#### Exercise instructions
Every record here must be copied exactly, except for the images it holds.

#### Data provided
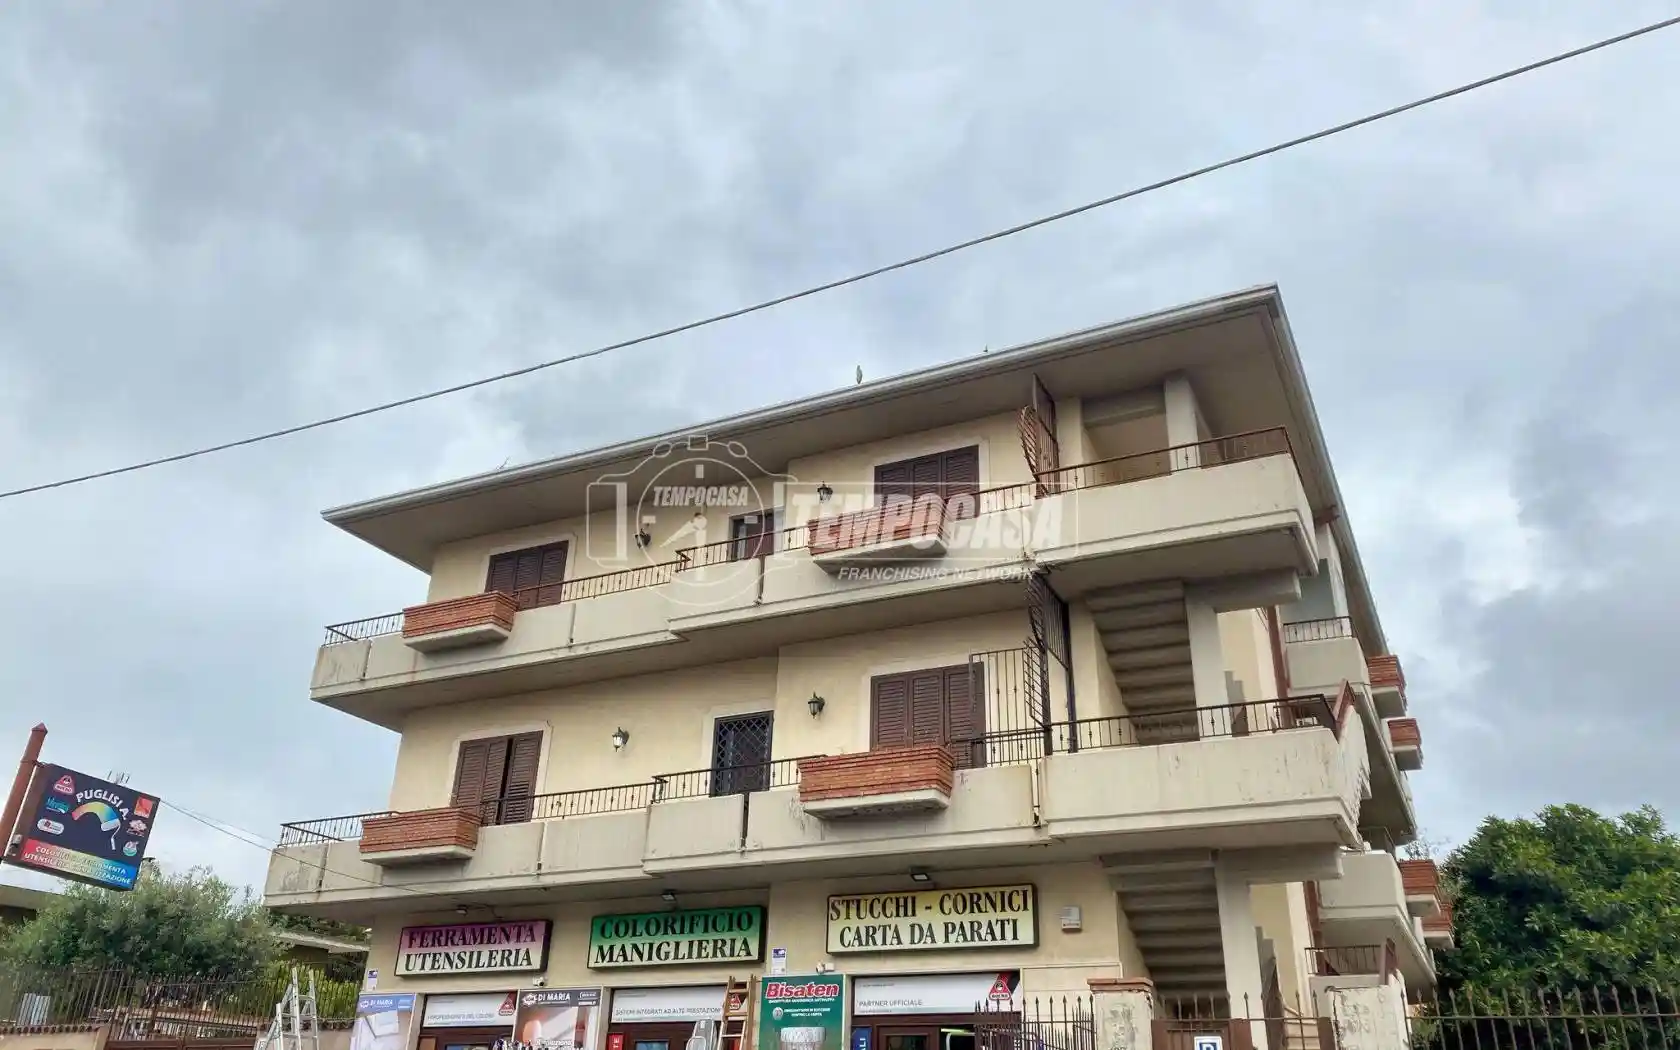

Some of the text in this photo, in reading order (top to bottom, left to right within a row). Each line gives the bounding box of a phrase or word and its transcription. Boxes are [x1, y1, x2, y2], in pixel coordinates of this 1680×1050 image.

[75, 788, 123, 808] PUGLISI
[830, 895, 916, 921] STUCCHI
[939, 889, 1029, 916] CORNICI
[407, 923, 536, 949] FERRAMENTA
[600, 911, 753, 939] COLORIFICIO
[839, 919, 1019, 948] CARTA DA PARATI
[404, 948, 533, 972] UTENSILERIA
[594, 937, 753, 964] MANIGLIERIA
[538, 993, 546, 1002] DI
[547, 992, 571, 1001] MARIA
[765, 982, 840, 999] Bisaten
[889, 998, 923, 1006] UFFICIALE
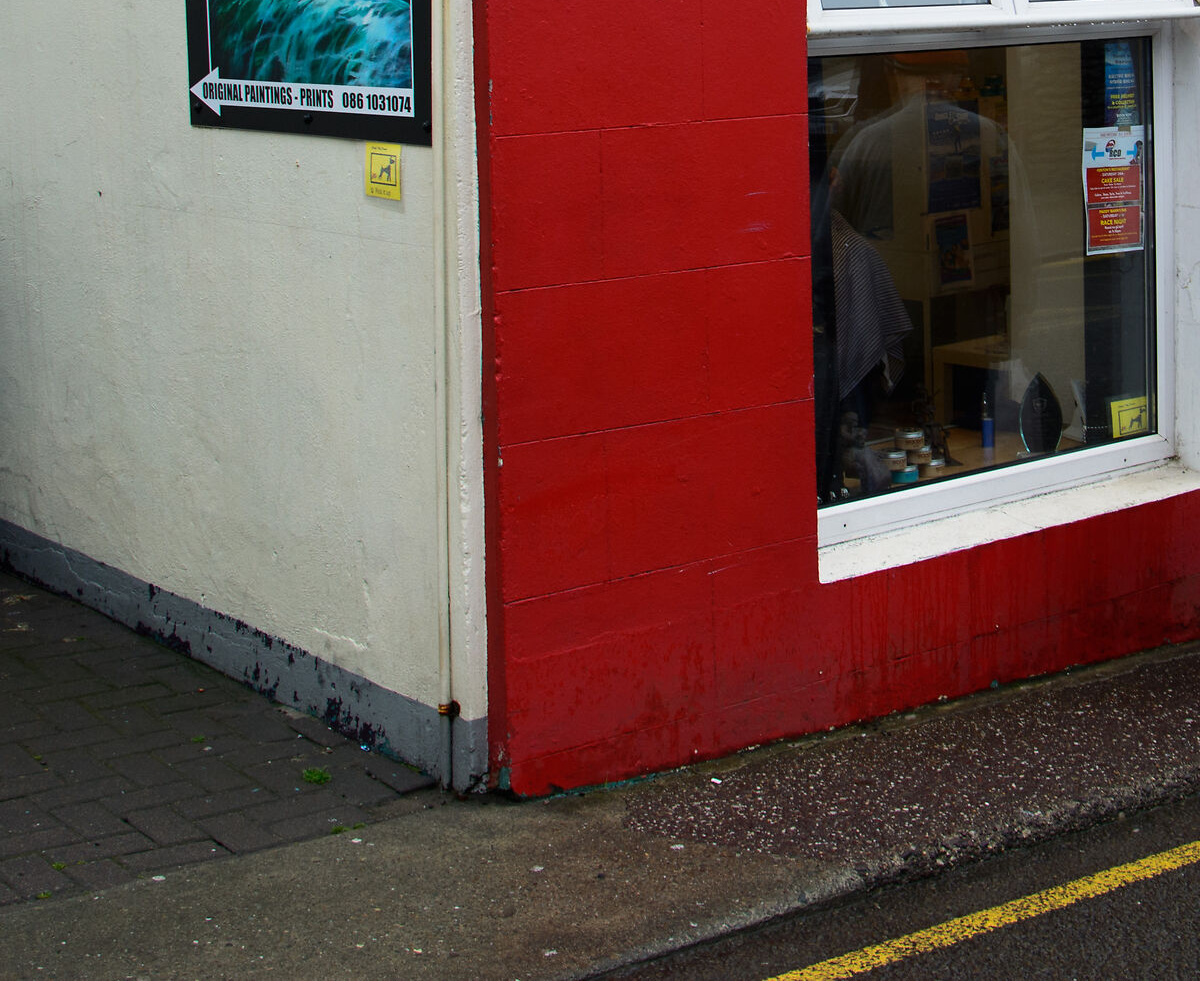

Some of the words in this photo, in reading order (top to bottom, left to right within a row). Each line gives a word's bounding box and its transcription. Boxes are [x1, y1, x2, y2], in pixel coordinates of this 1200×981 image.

[202, 81, 243, 102] ORIGINAL
[244, 84, 293, 106] PAINTINGS
[300, 88, 334, 108] PRINTS
[342, 92, 364, 109] 086
[366, 93, 412, 113] 1031074
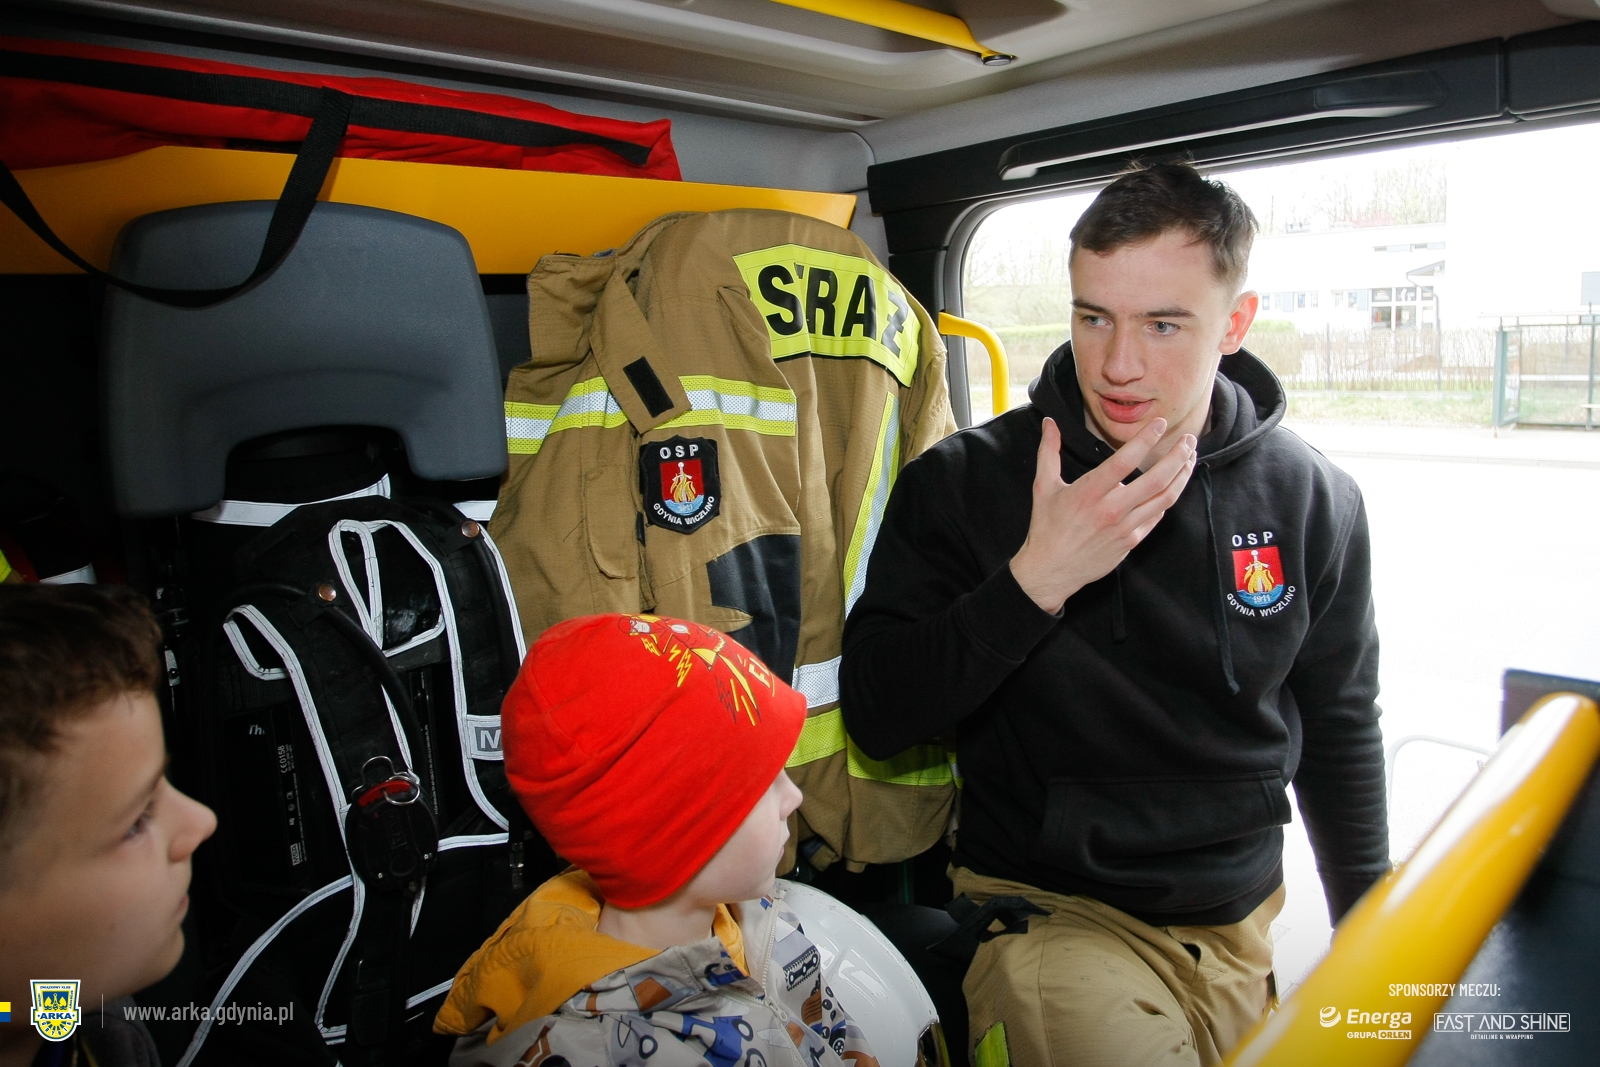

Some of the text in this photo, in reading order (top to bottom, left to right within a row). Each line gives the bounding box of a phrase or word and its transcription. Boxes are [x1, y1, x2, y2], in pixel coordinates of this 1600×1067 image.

[653, 496, 715, 525] GDYNIA WICZLINO
[1226, 585, 1296, 617] GDYNIA WICZLINO

#### Problem solution
Some of the text in this photo, in reading order (top to bottom, left to right within a row). Each line gives the bounding box of a phrase or word and its transcription. Boxes are [x1, y1, x2, y2], in pixel coordinates of this 1680×1050 image.

[75, 788, 123, 808] PUGLISI
[830, 895, 916, 921] STUCCHI
[939, 889, 1029, 916] CORNICI
[407, 923, 536, 949] FERRAMENTA
[600, 911, 753, 939] COLORIFICIO
[839, 919, 1019, 948] CARTA DA PARATI
[404, 948, 533, 972] UTENSILERIA
[594, 937, 753, 964] MANIGLIERIA
[538, 993, 546, 1002] DI
[547, 992, 571, 1001] MARIA
[765, 982, 840, 999] Bisaten
[889, 998, 923, 1006] UFFICIALE

Some of the words in this photo, in reading order (top to bottom, left to right within a row). Each line gives a word's bounding box and its transcription. Boxes are [x1, y1, x2, y2], in pixel coordinates of this 1200×981 image.

[202, 81, 243, 102] ORIGINAL
[244, 84, 293, 106] PAINTINGS
[300, 88, 334, 108] PRINTS
[342, 92, 364, 109] 086
[366, 93, 412, 113] 1031074

Some of the text in this photo, in reading order (top to bottom, left to right within a row). Each line gives the bounding box of a phrase or word and its transcription. Boxes are [x1, y1, x2, y2], in pixel coordinates of this 1600×1067 image.

[653, 496, 715, 525] GDYNIA WICZLINO
[1226, 585, 1296, 617] GDYNIA WICZLINO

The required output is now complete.